Stream Stores
Closed this issue · 1 comments
Streams is another common source and target of data, so we'd like to create tools to do the usual py2store stuff: rein different interfaces to a common one, and adapt to various data particularities.
The relevant builtin is https://docs.python.org/3/library/io.html.
What makes a data source or target a "stream" as opposed to other forms, such as key-value or sequence (list-like) store? We need to draw relationships between the different interfaces, and words used to describe the different functionalities within.
The stream interface seems to be built around the concept of a file's content, along with the possibility of an unbounded source of data.
- Streams have concepts like
read
andwrite
, which we also have in key-value or sequence constructs. For streams the read is more of an iterator of content, and write more of an append to content. - Streams have
readline
andwriteline
, pointing to the fact that content is assumed to be structured (above the atomic byte or bit, but below the source's location, metadata, etc.) - Streams have a concept of open, flush, and close, which is not needed in the key-value or sequence interfaces (why? because actions are assumed to be effective immediately?)
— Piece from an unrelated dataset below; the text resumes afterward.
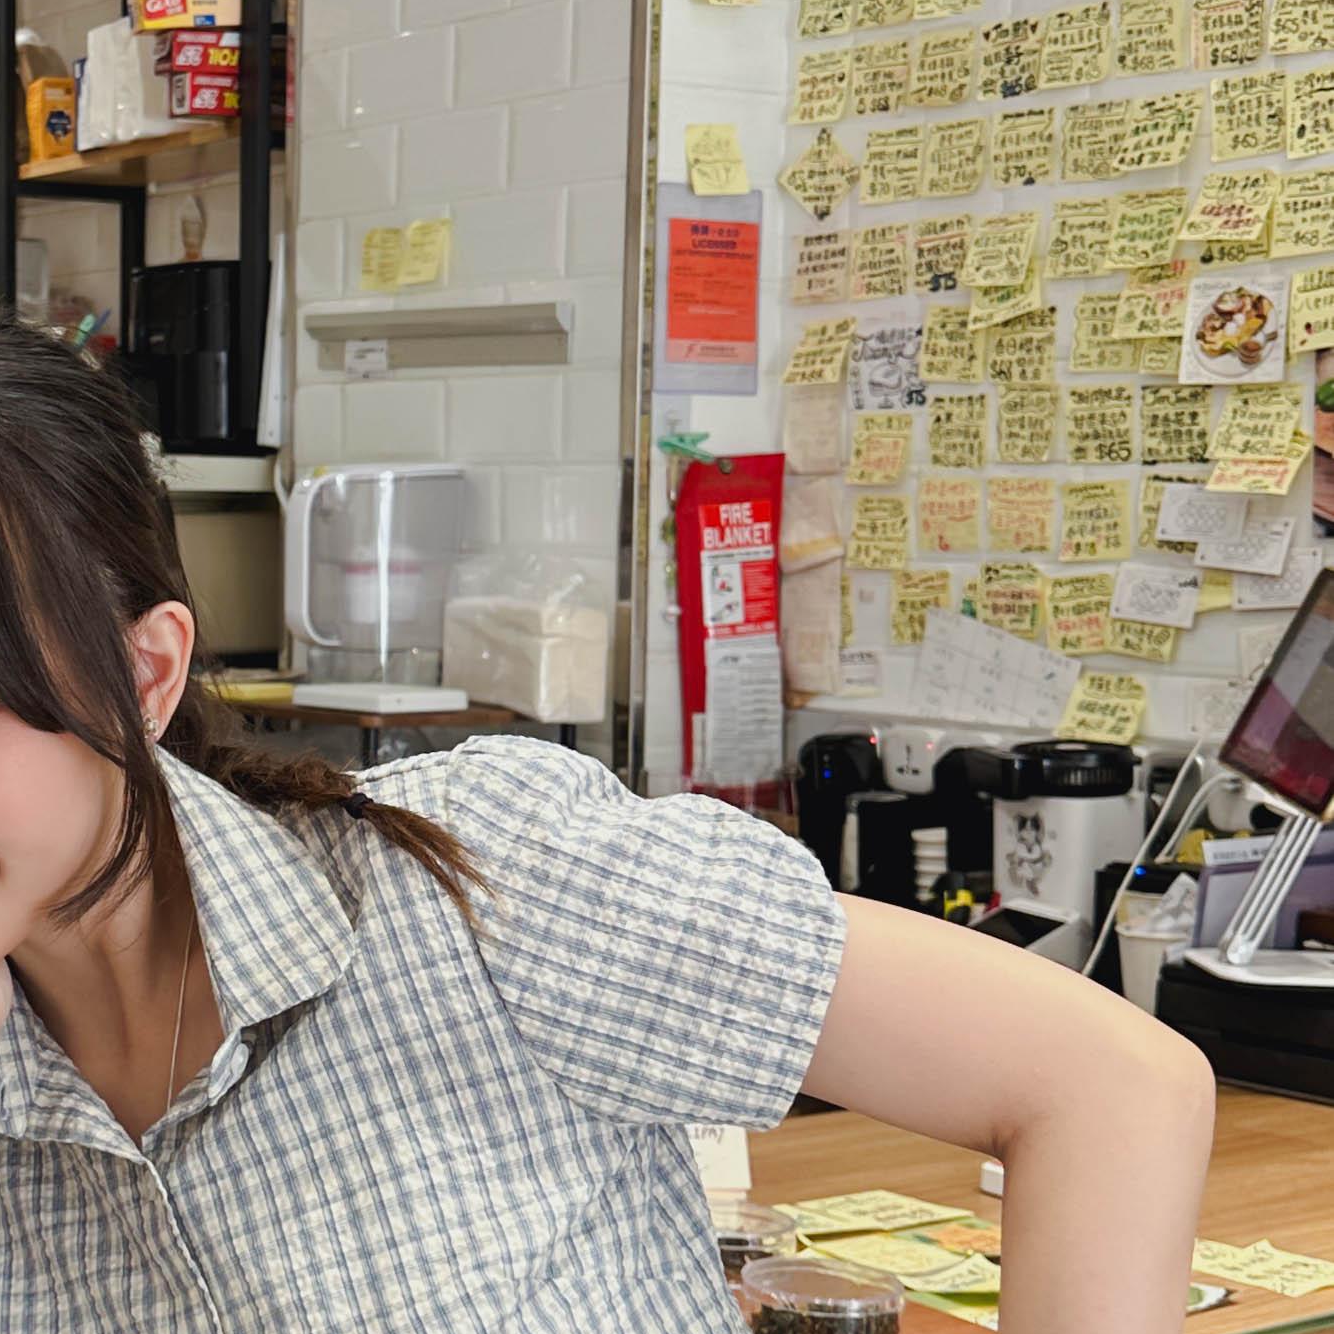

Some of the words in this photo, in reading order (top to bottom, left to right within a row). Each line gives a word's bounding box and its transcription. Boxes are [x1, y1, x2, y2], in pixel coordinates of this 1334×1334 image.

[1095, 440, 1132, 462] $65
[719, 502, 754, 526] FIRE
[703, 522, 772, 550] BLANKET
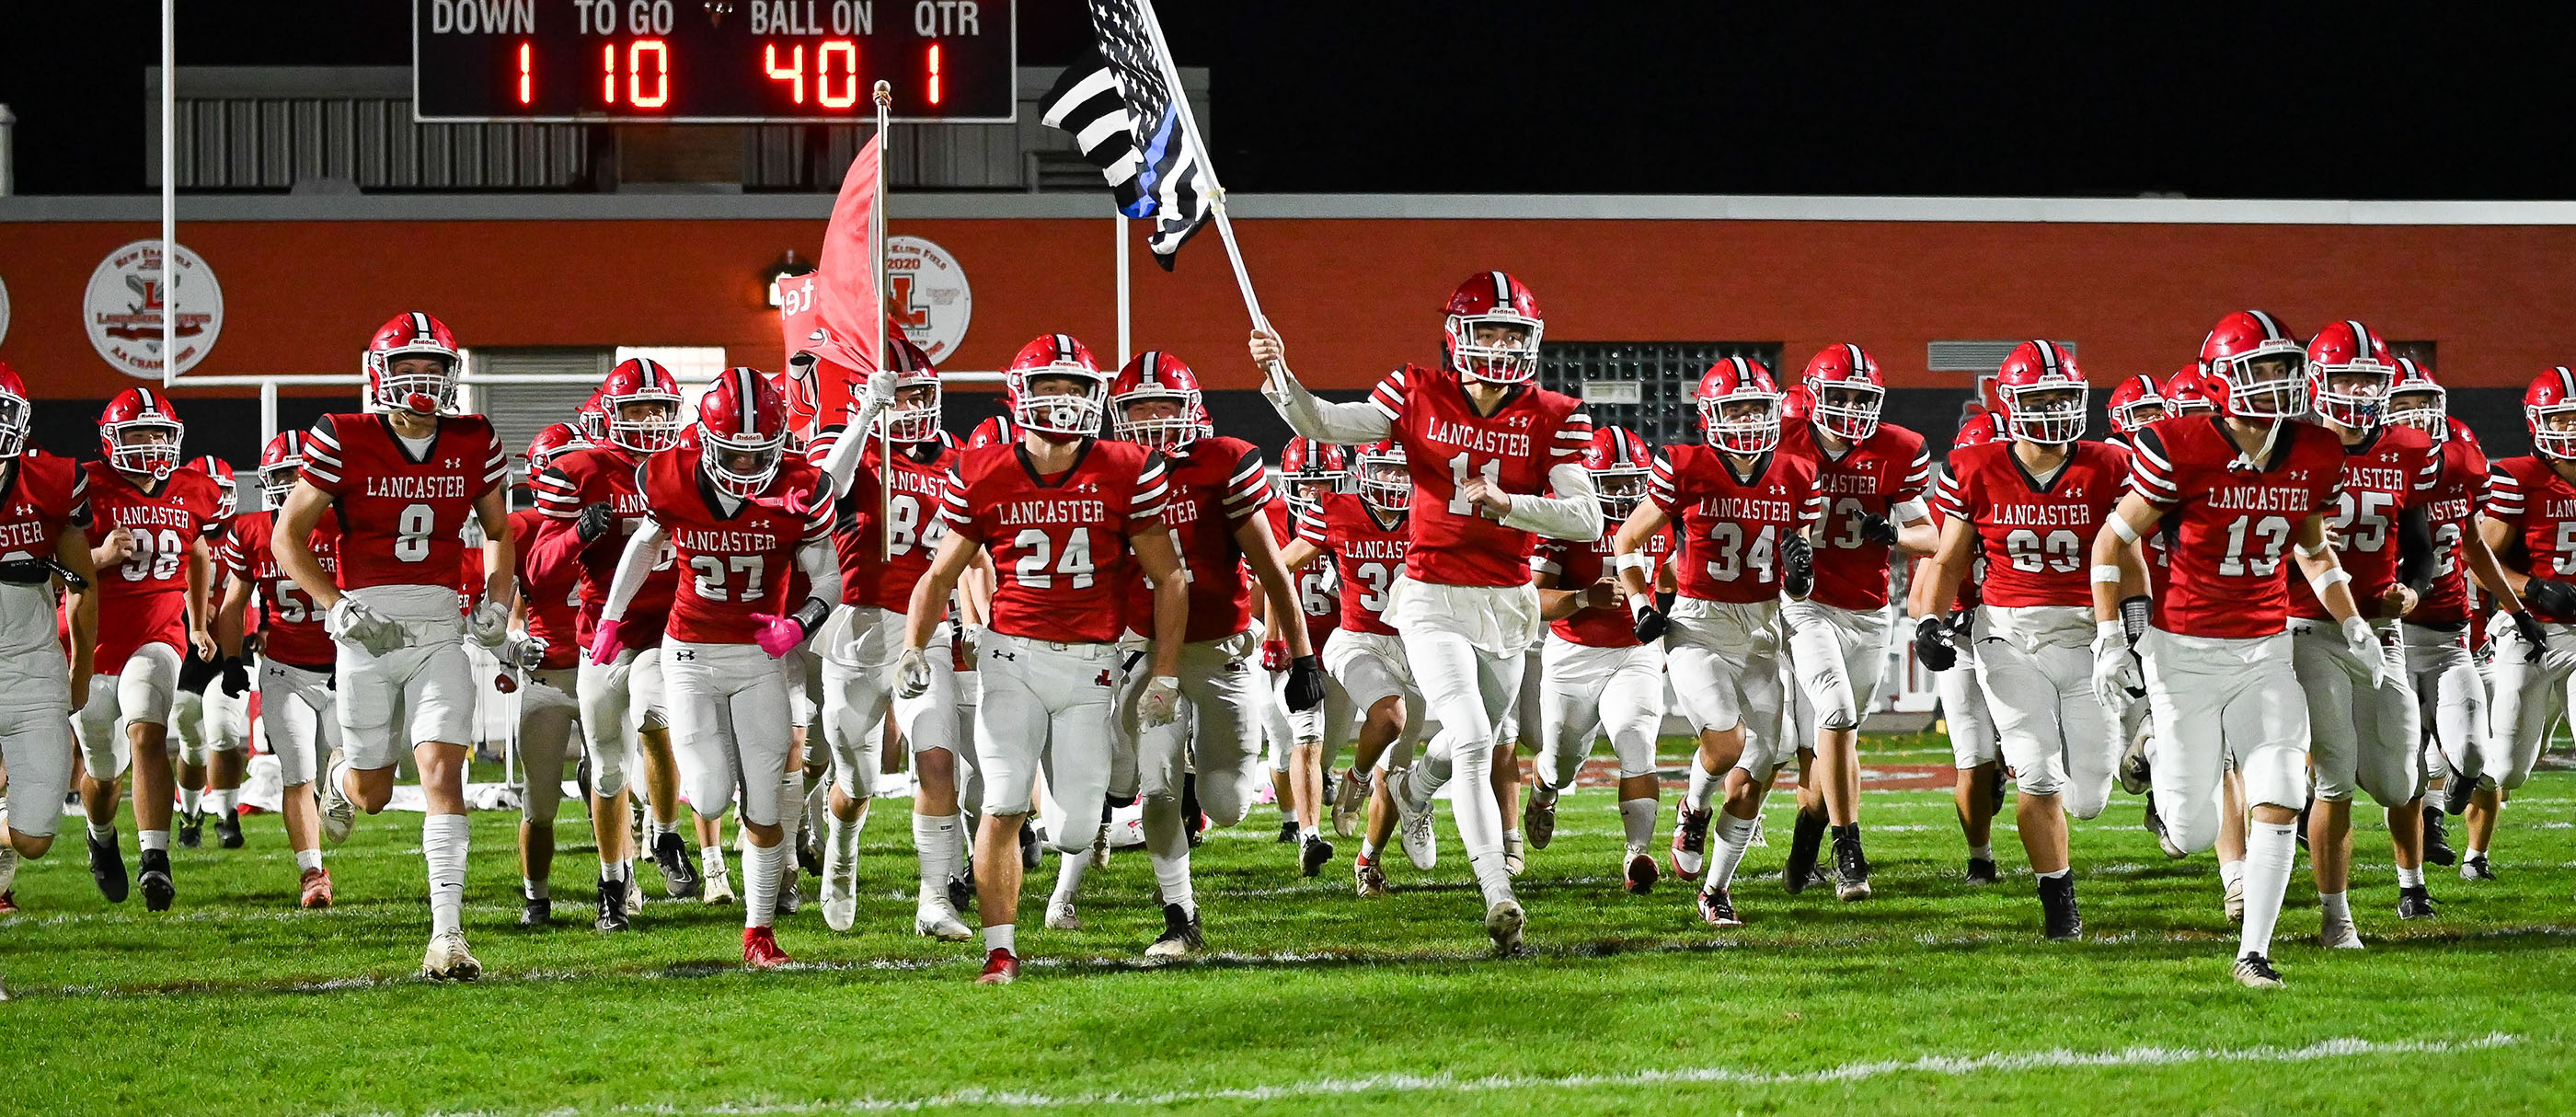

So we still get many key-value or sequence perspectives. A stream is a sequence of bytes, or lines. Seek navigates the sequence, tell gives us a key (a position) of the seek cursor, etc.
Hierarchical groupings
Since streams have a strong legacy to "file contents", it has this hierarchy of data.
bit --> byte --> [byte_word] --> [line] --> file
(the "[]" means optional here)
Byte words are fixed (usually) size byte sequences that should be taken as atomic when decoding. For example:
- Bytes of audio (you've seen PCM16 and PCM32 for example.
- Text encodings: Often 2 or 4 bytes as well.
Lines: Often of different sizes, but when there's lines, they're usually of a byte size that is a multiple of the word size.